En las largas colas, muchos conductores consumieron hasta medio tanque de gasolina, de modo que en esa carrera loca contra el aumento, apenas pudieron ``medio joder al gobierno'', como lo reconocieron. Los despliegues policiales y militares resultaron innecesarios. Las protestas fueron pocas en una población domesticada y engañada. Sólo por la Libertador se vio a los dirigentes del nuevo movimiento ``Patria para todos'' manifestar su desacuerdo. Petkoff se desternillaba.

Esta conducta de sufrir largas colas para evadir un aumento por unas cuantas horas y luego ``caer mansitos'' pudiera ser síntoma de alguna rara patología. Se parece al chiste del beodo que se sueña en una cantina, pide un whisky y le reclama al mesonero por traérselo sin hielo. Cuando éste va a buscárselo, el bebedor se despierta y maldice: ``hubiera sabido, me lo tomo seco''. La gente, la clase media, no quiere pues despertar. Se aferra a un precio que en unas horas desaparecerá. Con su conducta busca prolongar su sueño, su ficción, su sublime mentira. Le faltan octanos para enfrentar la realidad. No tiene aliento ni siquiera para arrecharse. La risita de Matos Azócar termina en una mueca.

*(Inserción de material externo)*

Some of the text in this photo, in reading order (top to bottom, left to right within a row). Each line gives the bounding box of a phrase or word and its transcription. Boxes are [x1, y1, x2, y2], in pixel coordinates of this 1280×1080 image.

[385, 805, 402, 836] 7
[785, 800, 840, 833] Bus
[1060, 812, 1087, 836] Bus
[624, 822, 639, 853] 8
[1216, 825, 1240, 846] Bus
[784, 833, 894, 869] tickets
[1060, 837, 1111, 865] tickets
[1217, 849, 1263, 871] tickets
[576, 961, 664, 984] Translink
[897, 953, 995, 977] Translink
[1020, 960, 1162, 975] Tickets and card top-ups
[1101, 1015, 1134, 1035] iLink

La cuestión es ritual, cómica, grotesca y exasperante. Dentro de unos meses, antes de irse el buen Caldera, los venezolanos estarán otra vez en la cola, llenando el ``último tanque con precio viejo'', como quienes desgajan sin ser diciembre las doce uvas del tiempo. La Guardia y la policía patrullarán unas ciudades que están bien lejos de sublevarse, paralizadas frente a las bombas, con los ojos fijos en los surtidores y los corazones latiendo al ritmo de las mangueras. Andueza sufrirá espasmos de risa entrecortada por sus propios chistes malos, peor aún, tristes, tanto como el último modelo que a 100 por hora cruza la ciudad en busca de una estación de servicio antes de que llegue la medianoche. ``A mí tú no me jodes, Giusti'', diría el otro.

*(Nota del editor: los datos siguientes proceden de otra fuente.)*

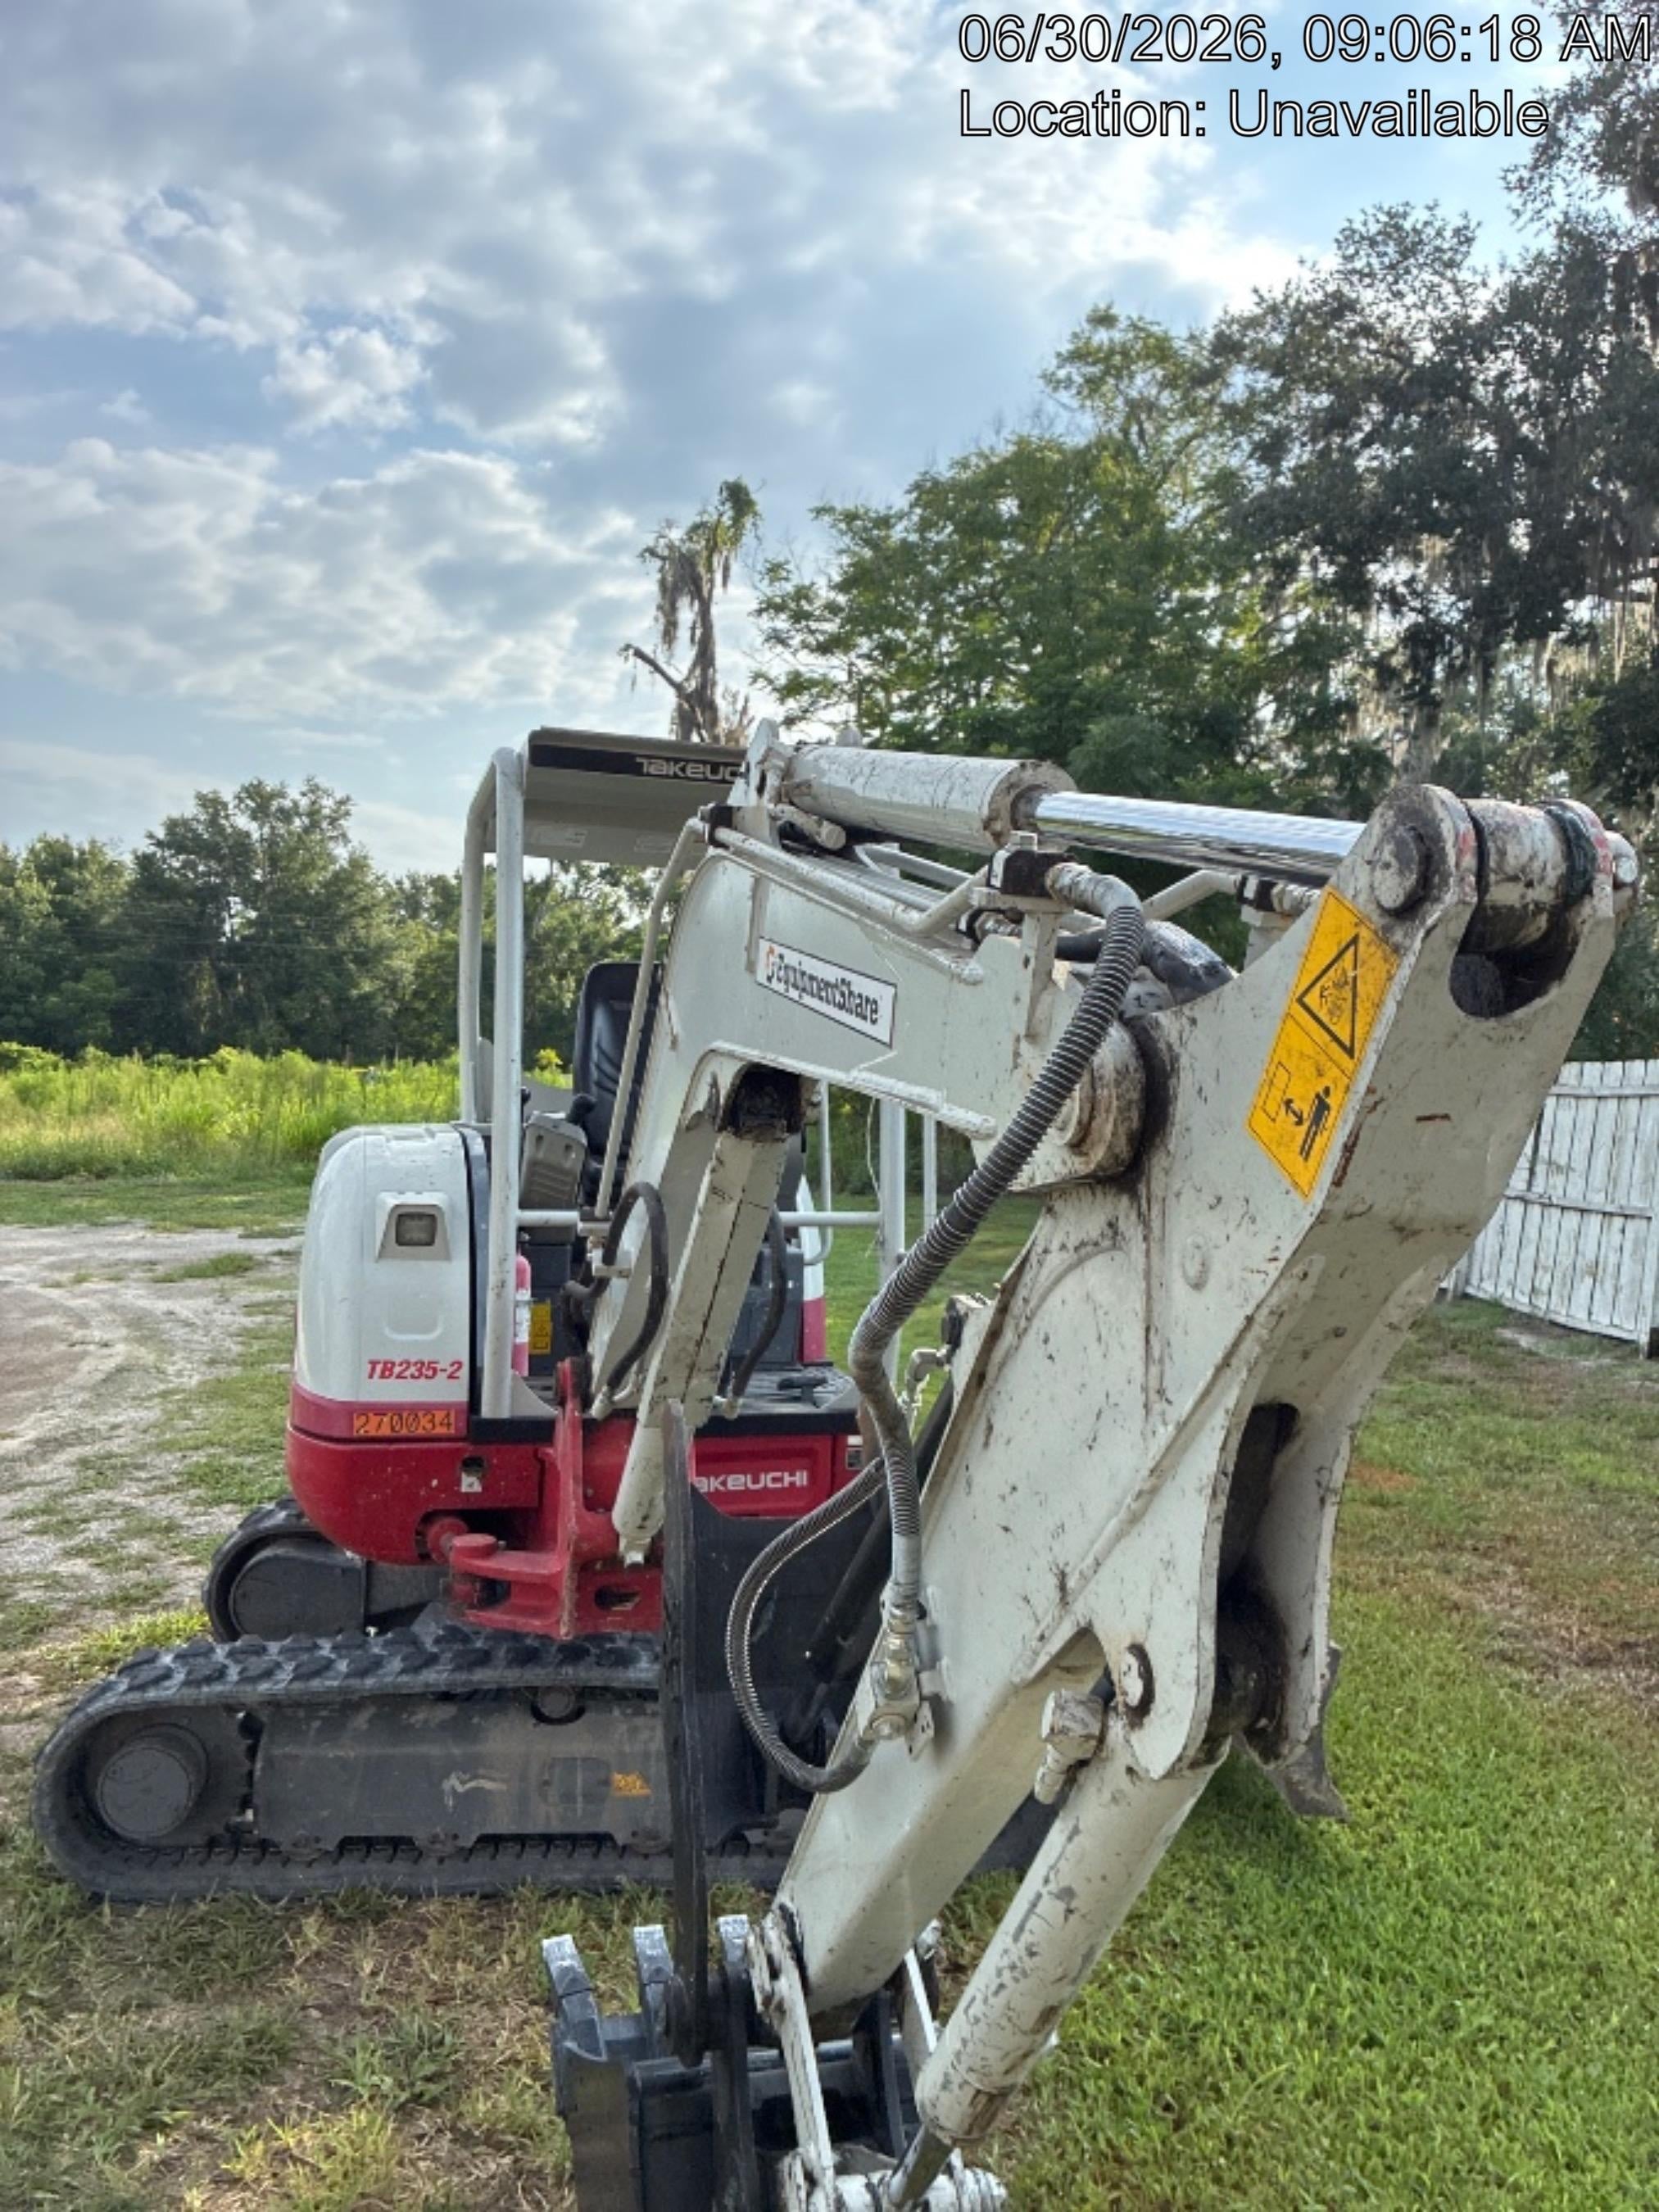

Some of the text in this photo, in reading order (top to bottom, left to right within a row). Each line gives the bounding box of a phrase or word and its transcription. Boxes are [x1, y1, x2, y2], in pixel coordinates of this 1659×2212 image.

[777, 953, 878, 1025] EquipmentShare
[367, 1359, 463, 1380] TB235-2
[356, 1411, 453, 1435] 270034

Al último tanque lo sucederá el último paro de una clase obrera a la que su central sindical vendió por nada en una mesa tripartita. Hasta esa acción estaba contemplada en el triple acuerdo Gobierno-CTV-Fedecámaras. ``Saqueadas las prestaciones -sostuvo el trípode- el Ejecutivo llama a cumplir, los empresarios se hacen los locos y la CTV convoca a un paro que no pasará de allí y la dejará bien parada frente a sus afiliados''. Todos sabían lo que iba a pasar, cada sector tenía ensayado su papel. Lo del paro de mañana baja el telón, mientras la clase media celebra por lo alto que pudo llenar su tanque.

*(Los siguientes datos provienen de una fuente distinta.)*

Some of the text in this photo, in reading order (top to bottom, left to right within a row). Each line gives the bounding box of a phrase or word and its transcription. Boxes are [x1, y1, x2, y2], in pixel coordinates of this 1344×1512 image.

Dicen -ya uno ni sabe- que el agua se termina cansando del cántaro. El agua, sí, la gasolina no.

P.S.: El país aplaudirá al Congreso Nacional si con una reasignación de recursos hace cumplir las decisiones del Consejo Nacional de Universidades y los compromisos del Gobierno con los educadores. Es hora de que alguien dé señales de vida frente al Ejecutivo y ejerza su competencia.